* [WORK REQUIRED]:
An exact transcription of all the data is required, with every image removed.
(MATERIAL SUPPLIED begins)
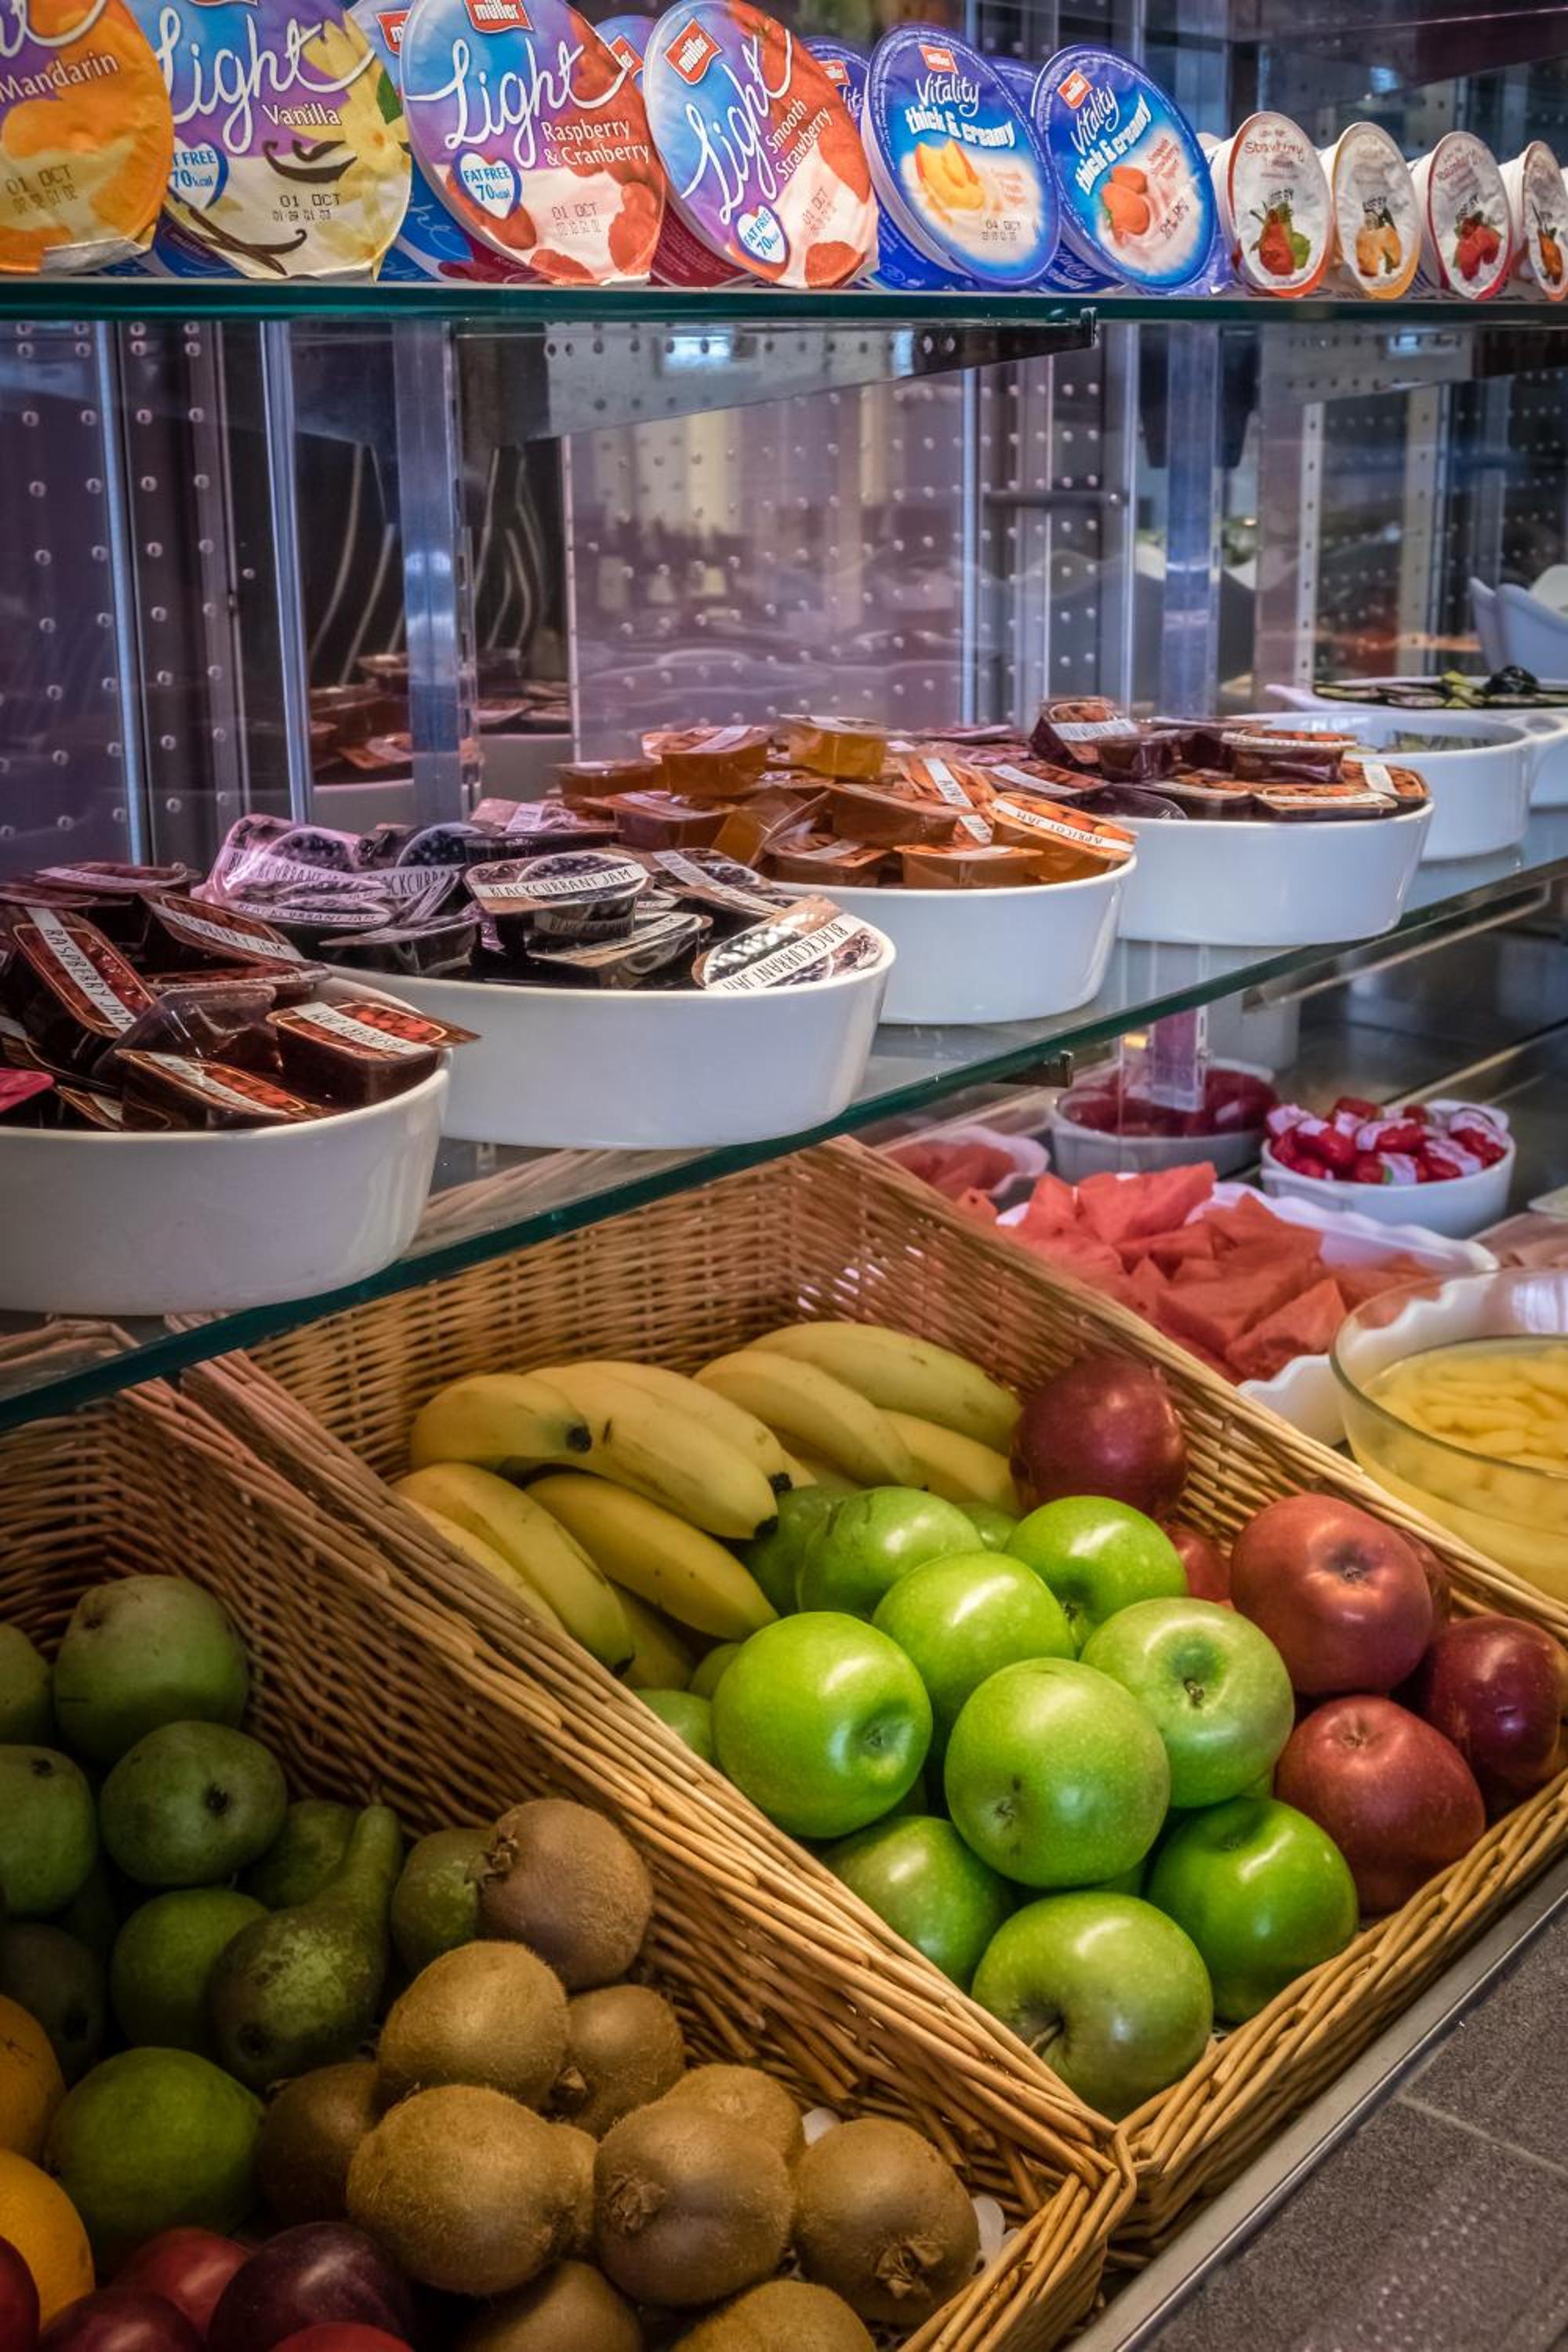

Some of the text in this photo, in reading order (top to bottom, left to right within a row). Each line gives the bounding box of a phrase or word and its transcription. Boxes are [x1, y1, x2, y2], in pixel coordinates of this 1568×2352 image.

[0, 51, 119, 103] Mandarin
[157, 8, 376, 154] Light
[916, 74, 980, 118] Vitality
[261, 103, 342, 127] Vanilla
[406, 38, 629, 169] Light
[1070, 81, 1120, 156] Vitality
[540, 119, 630, 143] Raspberry
[680, 29, 793, 226] Light
[765, 97, 808, 155] Smooth
[775, 107, 834, 182] Strawberry
[904, 104, 946, 135] thick
[960, 120, 1015, 148] creamy
[1075, 146, 1109, 195] thick
[1111, 93, 1152, 154] creamy
[183, 150, 217, 165] FREE
[463, 166, 510, 183] FAT FREE
[544, 143, 652, 166] & Cranberry
[5, 163, 72, 196] 01 OCT
[279, 193, 341, 209] 01 OCT
[551, 201, 600, 220] 01 OCT
[744, 224, 758, 244] FAT
[1016, 810, 1104, 845] APRICOT JAM
[489, 867, 633, 898] BLACKCURRANT JAM
[754, 922, 849, 984] BLACKCURRANT
[43, 929, 134, 1025] RASPBERRY JAM
(MATERIAL SUPPLIED ends)
* [RESPONSE AREA]:
Some of the text in this photo, in reading order (top to bottom, left to right within a row). Each line gives the bounding box of a phrase or word and its transcription. Boxes are [x1, y1, x2, y2], in pixel coordinates of this 1568×2352 image.

[0, 51, 119, 103] Mandarin
[157, 8, 376, 154] Light
[916, 74, 980, 118] Vitality
[261, 103, 342, 127] Vanilla
[406, 38, 629, 169] Light
[1070, 81, 1120, 156] Vitality
[540, 119, 630, 143] Raspberry
[680, 29, 793, 226] Light
[765, 97, 808, 155] Smooth
[775, 107, 834, 182] Strawberry
[904, 104, 946, 135] thick
[960, 120, 1015, 148] creamy
[1075, 146, 1109, 195] thick
[1111, 93, 1152, 154] creamy
[183, 150, 217, 165] FREE
[463, 166, 510, 183] FAT FREE
[544, 143, 652, 166] & Cranberry
[5, 163, 72, 196] 01 OCT
[279, 193, 341, 209] 01 OCT
[551, 201, 600, 220] 01 OCT
[744, 224, 758, 244] FAT
[1016, 810, 1104, 845] APRICOT JAM
[489, 867, 633, 898] BLACKCURRANT JAM
[754, 922, 849, 984] BLACKCURRANT
[43, 929, 134, 1025] RASPBERRY JAM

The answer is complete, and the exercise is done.